【電験2種 2次試験対策】数値演習:負荷増加に伴う受電電圧低下をコンデンサで阻止せよ

これまでに学んだ「電圧降下の近似式」と「遅れ無効電力を正とする符号のルール」を使い、実際の試験に出題されるレベルの数値演習に挑戦しましょう。

計算のポイントは、コンデンサ投入を「遅れ無効電力の引き算」として正確に式に組み込めるかどうかです。

1. 【演習問題】

送電端電圧が 66kV で一定の三相3線式送電線があります。受電端に接続された負荷が、ある時刻に「負荷A」から「負荷B」へ変化しました。負荷が変化した後も受電端電圧を 60kV で一定に保つために必要な、電力用コンデンサの容量 Qc (Mvar) を求めてください。

【系統パラメータ】

・送電線の抵抗 R = 5.0 Ω

・送電線のリアクタンス X = 10.0 Ω

【負荷の条件】

・負荷A(変化前):有効電力 20MW、力率 0.8(遅れ)

・負荷B(変化後):有効電力 40MW、力率 0.6(遅れ)

【運用条件】

・受電端電圧 Vr は、変化前後ともに 60kV を維持するものとします。


2. 【ステップバイステップ解説】

ステップ1:負荷変動前後の無効電力 Q1、Q2 を求める

まずは、それぞれの負荷状態における遅れ無効電力を算出します。

負荷A(変化前):

P1 = 20 MW、cosθ1 = 0.8 です。

sinθ1 = √(1 – 0.8^2) = 0.6 となるため、

Q1 = P1 × (sinθ1 / cosθ1) = 20 × (0.6 / 0.8) = 15 Mvar

負荷B(変化後):

P2 = 40 MW、cosθ2 = 0.6 です。

sinθ2 = √(1 – 0.6^2) = 0.8 となるため、

Q2 = P2 × (sinθ2 / cosθ2) = 40 × (0.8 / 0.6) = 53.33 Mvar

ステップ2:電圧降下が一定という方程式を立てる

受電端電圧 Vr と送電端電圧 Vs が変化前後で一定ということは、電圧降下 ΔV も変化しないで一定である必要があります。コンデンサ容量を Qc とすると、次の方程式が成り立ちます。
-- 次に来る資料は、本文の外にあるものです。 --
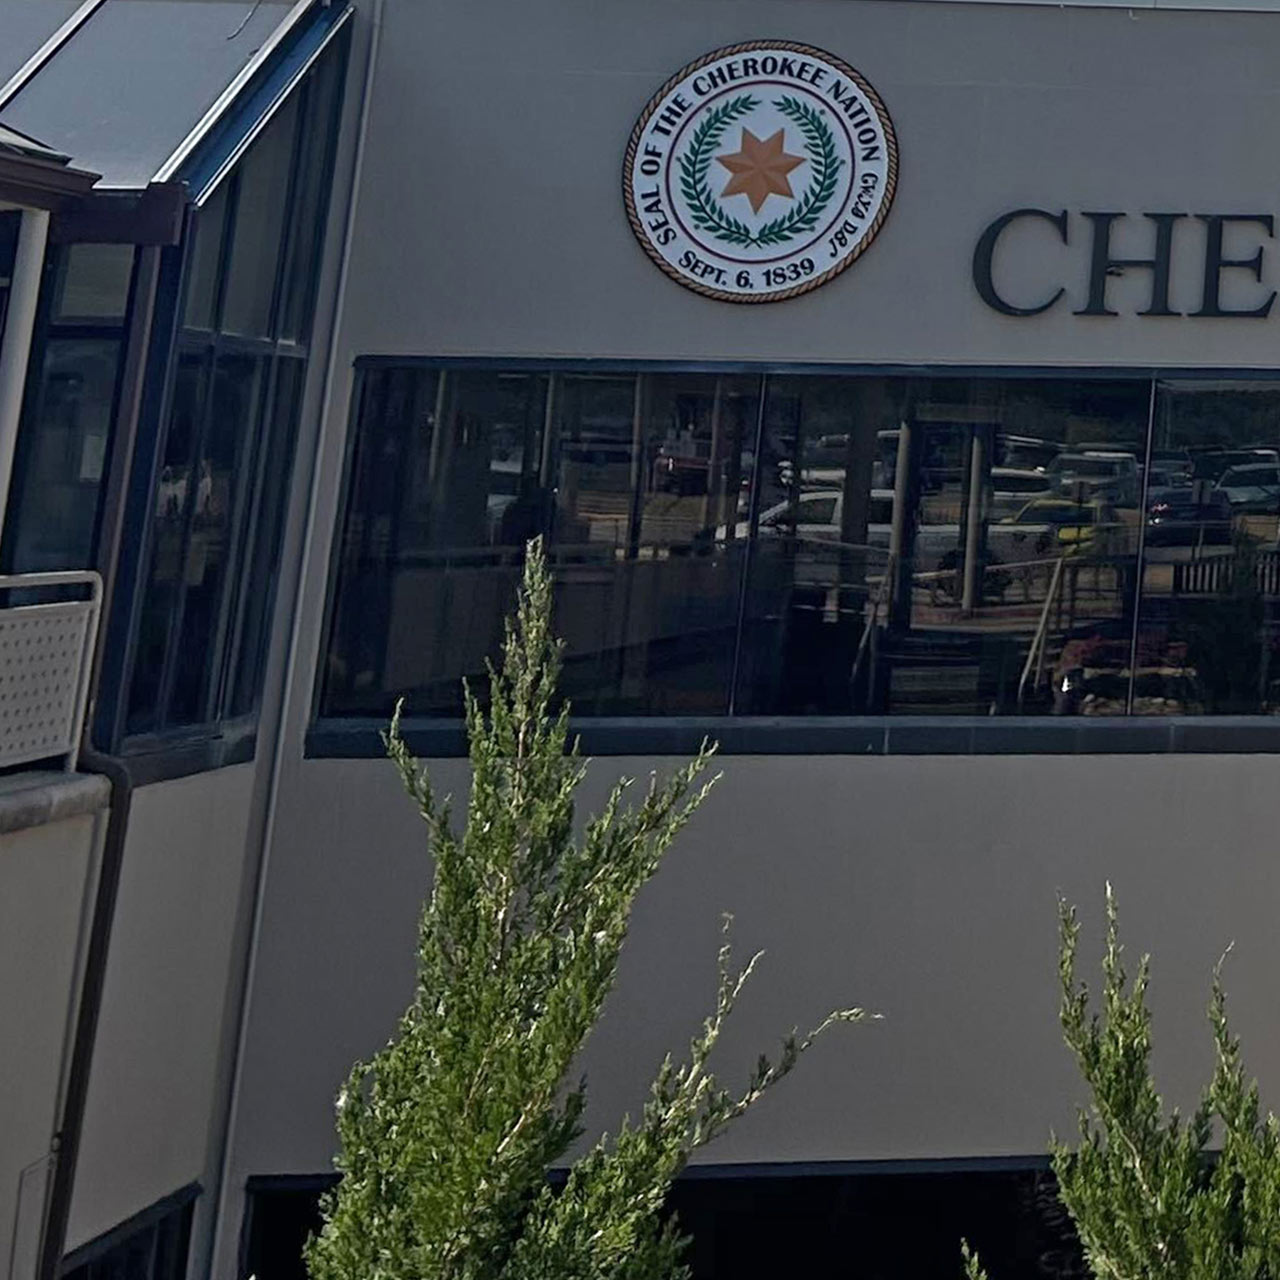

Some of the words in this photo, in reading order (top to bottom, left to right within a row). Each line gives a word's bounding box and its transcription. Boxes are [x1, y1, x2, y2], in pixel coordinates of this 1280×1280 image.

[692, 55, 829, 96] CHEROKEE
[651, 93, 693, 136] THE
[826, 79, 880, 162] NATION
[640, 142, 663, 176] OF
[641, 184, 677, 246] SEAL
[678, 250, 727, 286] SEPT.
[762, 257, 816, 287] 1839
$$\frac{P_1 R + Q_1 X}{V_r} = \frac{P_2 R + (Q_2 – Q_c) X}{V_r}$$

ここで、コンデンサは「遅れを減らす存在」なので、(Q2 – Qc) と引き算の形で記述するのがルールでしたね。

ステップ3:方程式を Qc について解く

分母の Vr を消去し、数値を代入する前に式を整理します。

$$P_1 R + Q_1 X = P_2 R + Q_2 X – Q_c X$$

$$Q_c X = (P_2 – P_1) R + (Q_2 – Q_1) X$$

両辺を X で割ります。

$$Q_c = \frac{R}{X} (P_2 – P_1) + (Q_2 – Q_1)$$

ステップ4:数値を代入して最終解を出す

R = 5.0、X = 10.0、P1=20、P2=40、Q1=15、Q2=53.33 を代入します。

$$Q_c = \frac{5.0}{10.0} (40 – 20) + (53.33 – 15)$$

$$Q_c = 0.5 \times 20 + 38.33$$

$$Q_c = 10 + 38.33 = 48.33 \text{ Mvar}$$

解答: 必要なコンデンサ容量 Qc = 約 48.3 Mvar

3. 総括:計算結果の物理的な意味

今回の結果を見ると、Qc の内訳は「無効電力の増加分(38.33)」に加えて、「有効電力の増加による電圧降下をカバーする分(10)」が足し合わされています。

コンデンサは無効電力を調整するものですが、結果として「有効電力の増加で下がってしまう電圧」をも、無効電力をさらに余分に削ることで強引に持ち上げている、という構図が見えてきます。

このように数式の背景にある物理的な動きを意識すると、試験本番でも自信を持ってペンを動かせるようになります。